つれない男女のウラの顔
手を繋いだままアパートの階段をのぼる。そうしている間も、雷の音はずっと響いていた。その度に花梨の体が反応するから、やはり怖いのだろう。
「雷、大丈夫か?」
「はい、旭さんがそばにいるので、何とか。私いまものすごく浮かれているんです。だから、雷の音があまり気にならないみたい」
なんだそれ。無自覚に煽られてる?いちいち言うことが可愛いくて困るんだが。
浮かれているのは俺も同じだ。いまは何を言われても抱き締めたくなるからやめてほしい。

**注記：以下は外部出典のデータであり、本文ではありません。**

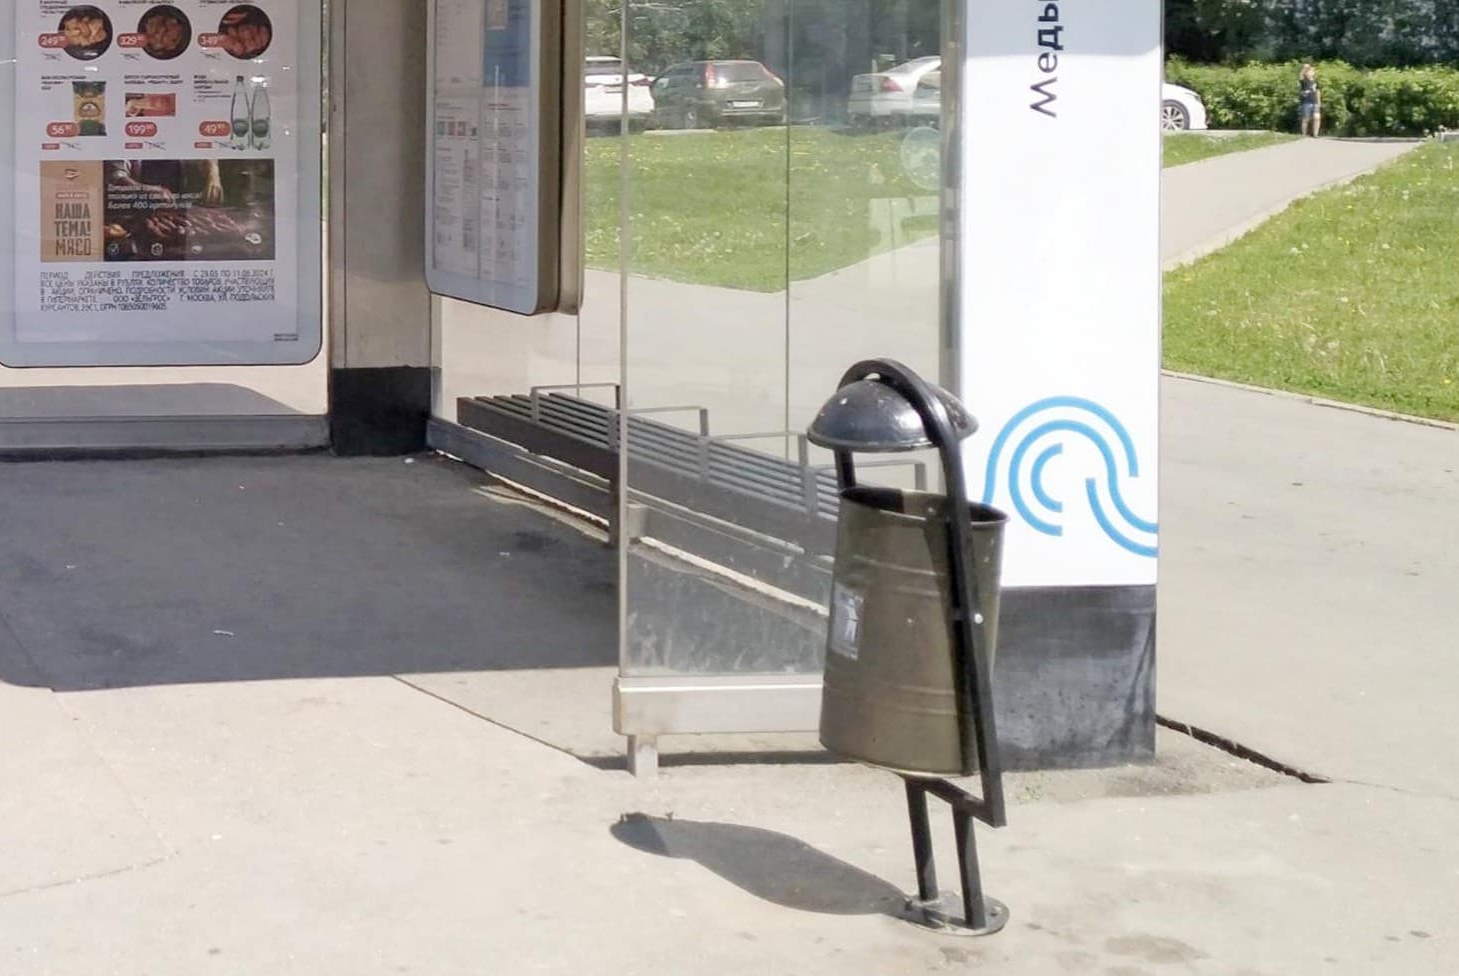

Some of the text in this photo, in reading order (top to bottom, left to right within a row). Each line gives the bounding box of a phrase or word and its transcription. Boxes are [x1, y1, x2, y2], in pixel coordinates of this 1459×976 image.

いい歳して、ひとりの女にここまで夢中になると思わなかった。とりあえず平常心だ。ここは一応外なんだから。
「…旭さん」
「うん?」
「旭さんは以前、恋愛に興味がないと仰ってましたけど…どうして私を彼女にしてくださったんですか?」
「…正直、自分でもよく分からない。でも京香と一緒にいる時間が長くなればなるほど、もっと一緒にいたいと思うようになっていた。そばにいないと落ち着かなかった。少しずつ京香に惹かれていたんだと思う。心から付き合いたいと思ったのは、京香が初めてだ」
素直に答えると、花梨は「嬉しい」と頬を緩めた。そんな彼女を見て、思わず俺も顔が綻んだ。
「そういうのに興味がなかったというよりは、そう思える相手に出会っていなかっただけなのかもしれないな」
4年前とは違う。相変わらず恋愛というものには向いていないと思うが、それでもそばにいたいと思った。
そう思える相手に、出会ってしまった。